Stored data
---+---
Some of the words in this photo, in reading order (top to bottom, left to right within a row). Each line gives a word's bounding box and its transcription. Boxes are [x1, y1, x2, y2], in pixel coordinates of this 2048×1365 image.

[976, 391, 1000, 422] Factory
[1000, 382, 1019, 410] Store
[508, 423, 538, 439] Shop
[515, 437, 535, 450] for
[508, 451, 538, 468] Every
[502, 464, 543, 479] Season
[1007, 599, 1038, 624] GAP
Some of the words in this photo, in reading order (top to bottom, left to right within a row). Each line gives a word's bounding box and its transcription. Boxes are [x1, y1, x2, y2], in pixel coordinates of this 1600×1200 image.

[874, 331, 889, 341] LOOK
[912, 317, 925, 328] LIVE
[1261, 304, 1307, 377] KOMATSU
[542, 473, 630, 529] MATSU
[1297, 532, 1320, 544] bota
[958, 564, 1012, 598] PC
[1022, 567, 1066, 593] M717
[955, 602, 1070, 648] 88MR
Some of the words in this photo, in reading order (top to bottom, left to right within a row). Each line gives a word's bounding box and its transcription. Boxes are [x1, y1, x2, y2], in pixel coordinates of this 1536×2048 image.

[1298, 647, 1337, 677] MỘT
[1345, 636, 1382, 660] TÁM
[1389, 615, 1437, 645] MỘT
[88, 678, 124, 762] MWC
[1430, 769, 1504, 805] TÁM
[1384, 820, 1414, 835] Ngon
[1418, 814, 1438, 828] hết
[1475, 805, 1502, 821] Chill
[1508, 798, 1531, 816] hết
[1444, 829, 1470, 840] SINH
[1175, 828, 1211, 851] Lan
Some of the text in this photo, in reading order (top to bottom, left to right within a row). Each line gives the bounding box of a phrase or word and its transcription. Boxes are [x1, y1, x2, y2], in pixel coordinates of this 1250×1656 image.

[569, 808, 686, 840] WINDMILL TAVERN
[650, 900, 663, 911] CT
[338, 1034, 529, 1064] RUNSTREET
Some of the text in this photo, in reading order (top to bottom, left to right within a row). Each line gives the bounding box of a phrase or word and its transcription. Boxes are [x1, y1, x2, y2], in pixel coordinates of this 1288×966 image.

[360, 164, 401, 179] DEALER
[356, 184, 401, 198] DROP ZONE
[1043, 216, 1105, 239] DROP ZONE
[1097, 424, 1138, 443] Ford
---+---
▸ **Exercise**:
The line with "this 1600×1200 image." through the last line of the entries above: output exactly those lines and nothing else.

▸ **Task answer**:
Some of the words in this photo, in reading order (top to bottom, left to right within a row). Each line gives a word's bounding box and its transcription. Boxes are [x1, y1, x2, y2], in pixel coordinates of this 1600×1200 image.

[874, 331, 889, 341] LOOK
[912, 317, 925, 328] LIVE
[1261, 304, 1307, 377] KOMATSU
[542, 473, 630, 529] MATSU
[1297, 532, 1320, 544] bota
[958, 564, 1012, 598] PC
[1022, 567, 1066, 593] M717
[955, 602, 1070, 648] 88MR
Some of the words in this photo, in reading order (top to bottom, left to right within a row). Each line gives a word's bounding box and its transcription. Boxes are [x1, y1, x2, y2], in pixel coordinates of this 1536×2048 image.

[1298, 647, 1337, 677] MỘT
[1345, 636, 1382, 660] TÁM
[1389, 615, 1437, 645] MỘT
[88, 678, 124, 762] MWC
[1430, 769, 1504, 805] TÁM
[1384, 820, 1414, 835] Ngon
[1418, 814, 1438, 828] hết
[1475, 805, 1502, 821] Chill
[1508, 798, 1531, 816] hết
[1444, 829, 1470, 840] SINH
[1175, 828, 1211, 851] Lan
Some of the text in this photo, in reading order (top to bottom, left to right within a row). Each line gives the bounding box of a phrase or word and its transcription. Boxes are [x1, y1, x2, y2], in pixel coordinates of this 1250×1656 image.

[569, 808, 686, 840] WINDMILL TAVERN
[650, 900, 663, 911] CT
[338, 1034, 529, 1064] RUNSTREET
Some of the text in this photo, in reading order (top to bottom, left to right within a row). Each line gives the bounding box of a phrase or word and its transcription. Boxes are [x1, y1, x2, y2], in pixel coordinates of this 1288×966 image.

[360, 164, 401, 179] DEALER
[356, 184, 401, 198] DROP ZONE
[1043, 216, 1105, 239] DROP ZONE
[1097, 424, 1138, 443] Ford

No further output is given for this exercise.